The house with the bay window is on a corner towards the steep end of Stuart Street. It appears largely unchanged, though there is no evidence of a rabbit infestation, and no snotty Prince Valiant-type lurking about. Warm from the walk and a bit shaken from the steepness, I cautiously traced the property's exterior, peering inside where I could. I wasn't quite up to knocking on the door and asking its perplexed residents if I could scope out their living area and reenact a music video from the '80s, though I did, on a later trip, stick my idiotic hand-drawn 'Architects of the New Dunedin Sound Wanted' flier in their letterbox. I stuck one over a plaque at the Octagon, too, and it remained there for a day or two. No bites.
The other part of the video, the part where the band and co. dance recklessly about a derelict building, was filmed at Cargill's Castle. Built at the behest of Edward Cargill, the son of Otago-colonising William Cargill and brother of Tunnel Beach-commissioning John, this cliffside castle and one-time cabaret joint is resolutely off limits. It stands abandoned on private property behind a dreary beachside housing development. There are no signs announcing its location and it does not exist in brochures and guides. Operating on limited information, I looped the Corstorphine bus route before an intervening driver showed me where to get off. Stepping from the bus in high fog, I made my way through tumbling streets to the nearest publicly accessible point. This turned out to be a grassy field between two houses. A sloping plain led down to the ocean, but its gradient required a clearer day to gauge. The castle, apparently somewhere to the left, was blocked off by a barbed wire fence with a stern warning sign. Through the fence I could see another field, with a stone fence at its far side and gnarled trees beyond that. I presumed the castle lay somewhere near those trees, but the fog made it impossible to tell for sure. I did not fancy my chances of scaling a barbed wire fence unscathed. Had I come all this way for a photo of a fence?

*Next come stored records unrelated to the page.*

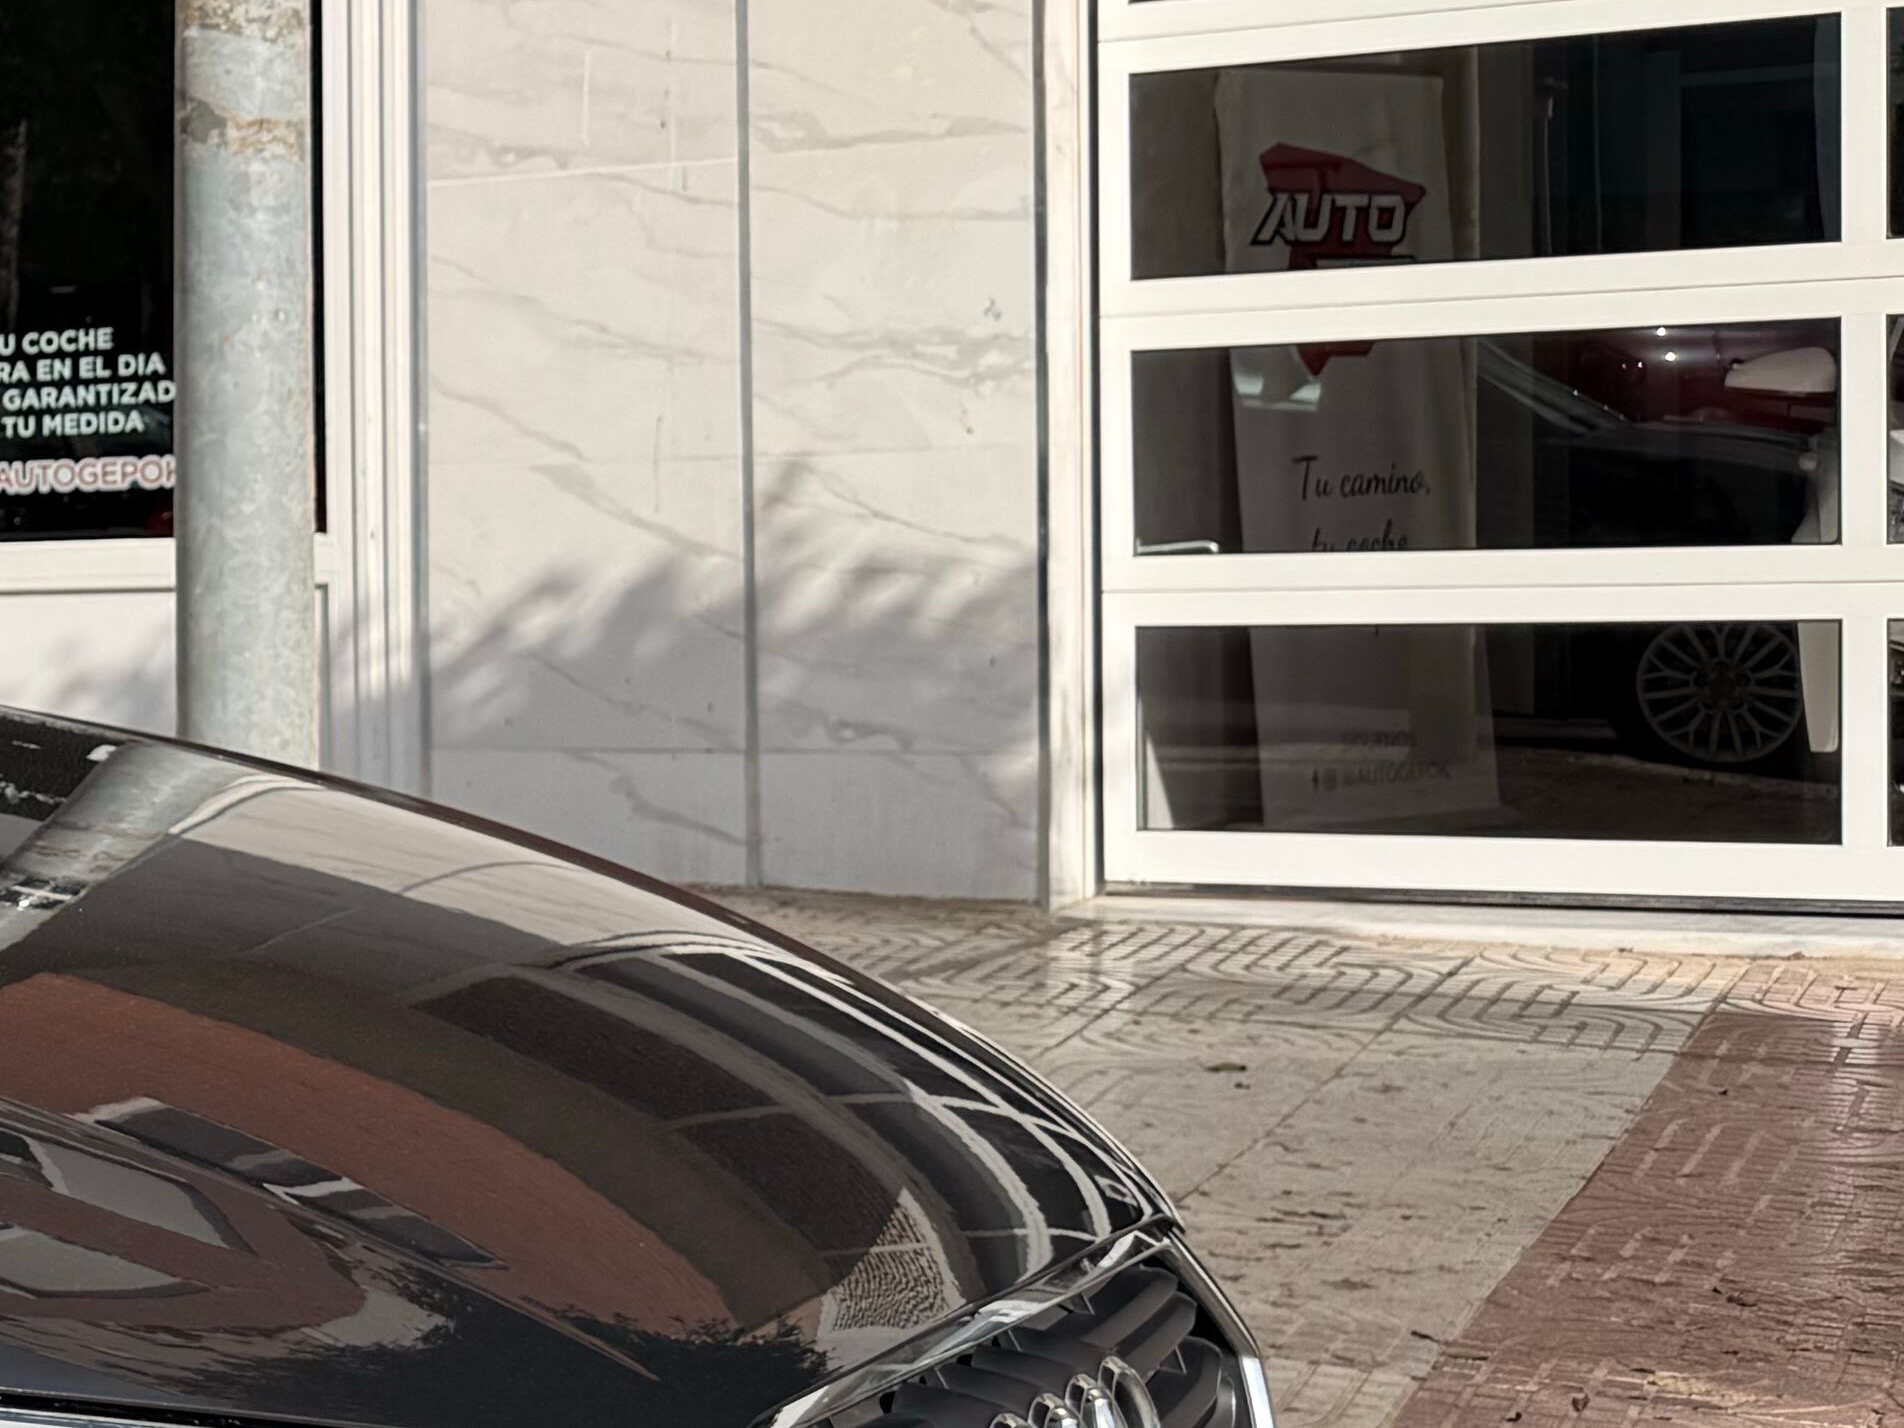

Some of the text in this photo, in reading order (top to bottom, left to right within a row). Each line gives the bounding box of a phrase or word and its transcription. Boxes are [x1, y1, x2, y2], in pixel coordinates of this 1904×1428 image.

[1249, 191, 1408, 247] AUTO
[21, 327, 114, 355] COCHE
[37, 358, 72, 382] EN
[78, 355, 112, 379] EL
[117, 352, 166, 377] DIA
[0, 414, 36, 439] TU
[42, 409, 145, 438] MEDIDA
[1292, 453, 1431, 501] Tu camino,

I did the right thing first and knocked on the door of the adjoining property. There was no answer—the occupants must be elsewhere. My conscience satisfied, I snuck round the side and scoped out their backyard, looking for some sort of entrance that would lead on to the castle grounds. Though I had assumed that the nearest property would be my best option for access, it turned out that their territory only extended as far as the next field, meaning the castle itself lay on a neighbour's grounds—and it was not at all clear which one. Feeling at this point that further transgressions were beyond my mettle, I wandered back to the road, deflated, and began the return journey. As I passed the next house up, however, I noticed there was a private road into the property that curved in the direction of the castle. This looked promising. Seemingly no one about, I quickly stole my way along the path and found that it indeed led to the section behind the stone wall I had glimpsed earlier. From this vantage I could finally see the walls of the castle, though they lay behind another barbed wire fence with another stern sign, this time warning of multiple hazards.

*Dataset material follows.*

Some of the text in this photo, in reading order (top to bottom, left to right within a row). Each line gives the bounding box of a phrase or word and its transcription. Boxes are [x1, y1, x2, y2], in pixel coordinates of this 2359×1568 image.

I followed the fence until I was out of the view of any of the neighbouring houses, all the while looking for a way in. I fancied an overhanging tree might grant me access but its branches proved to be far too dense. Then I noticed that there was a small gap at the bottom of the fence. If the wire had sufficient give, it might just be possible to crawl underneath. Of course, I would still have to contend with those barbs. My backpack turned out to be an ideal solution. Using its bulk to prop up the wire, I created a space large enough to accommodate my horizontal form, while one of the bag's clips allowed me to safely pin back the lowest row of barbed wire. With this set-up it was surprisingly easy to slide under and reach the castle grounds.

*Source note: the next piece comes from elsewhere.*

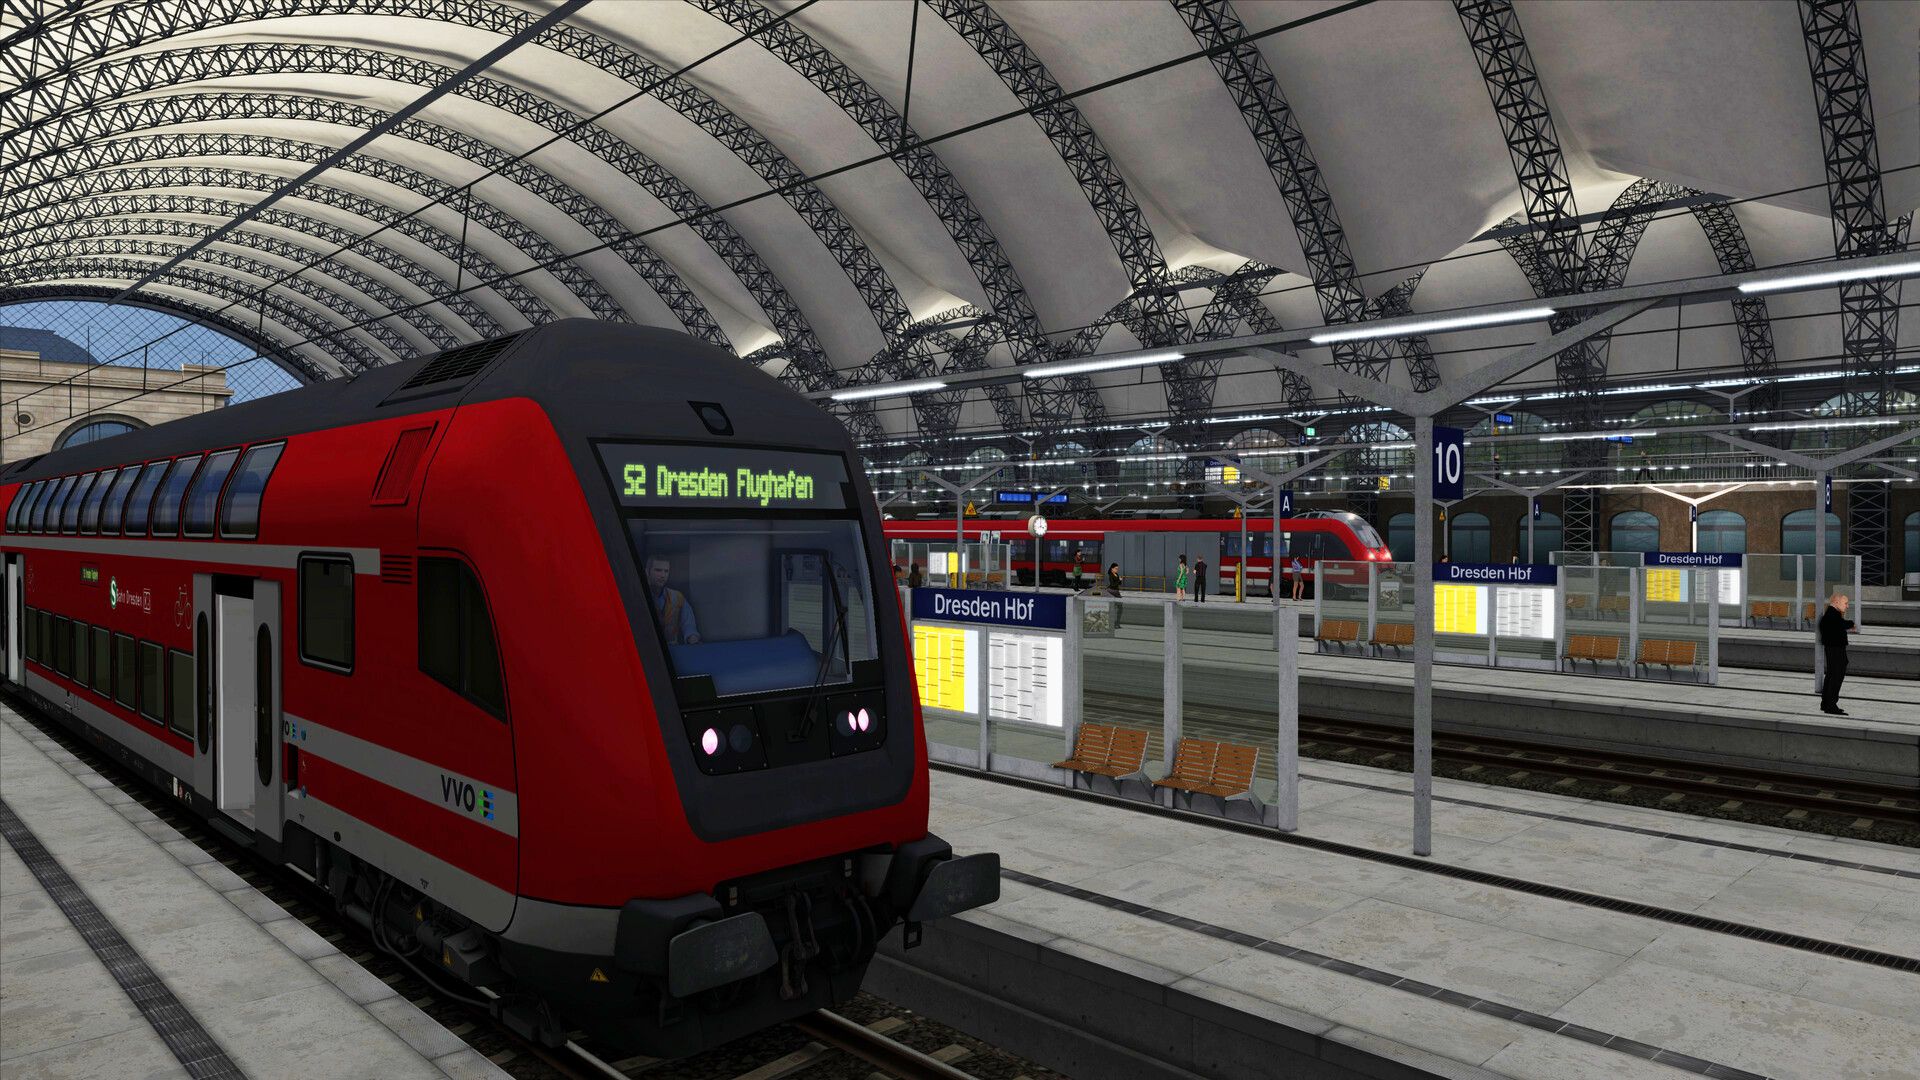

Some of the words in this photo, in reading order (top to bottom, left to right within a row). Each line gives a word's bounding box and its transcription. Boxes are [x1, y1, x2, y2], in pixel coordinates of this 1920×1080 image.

It didn't take long to spot the promised hazards. These ranged from stray metal objects in the overgrown grass to collapsed floors and dangling detritus in the building itself. Keeping it from the public—at least in its current state—was a sensible move. The interior walls bore years of graffiti and there was evidence of smashed bottles on most of the floors. Some rooms were blocked off by gaping holes, so I had to climb through the large beachfront windows (seen accomodating silhouetted figures in the film clip) to cover the whole building. The fog-aided ambiance, slightly unsettling, slightly mysterious, justified every effort I had made to reach this point.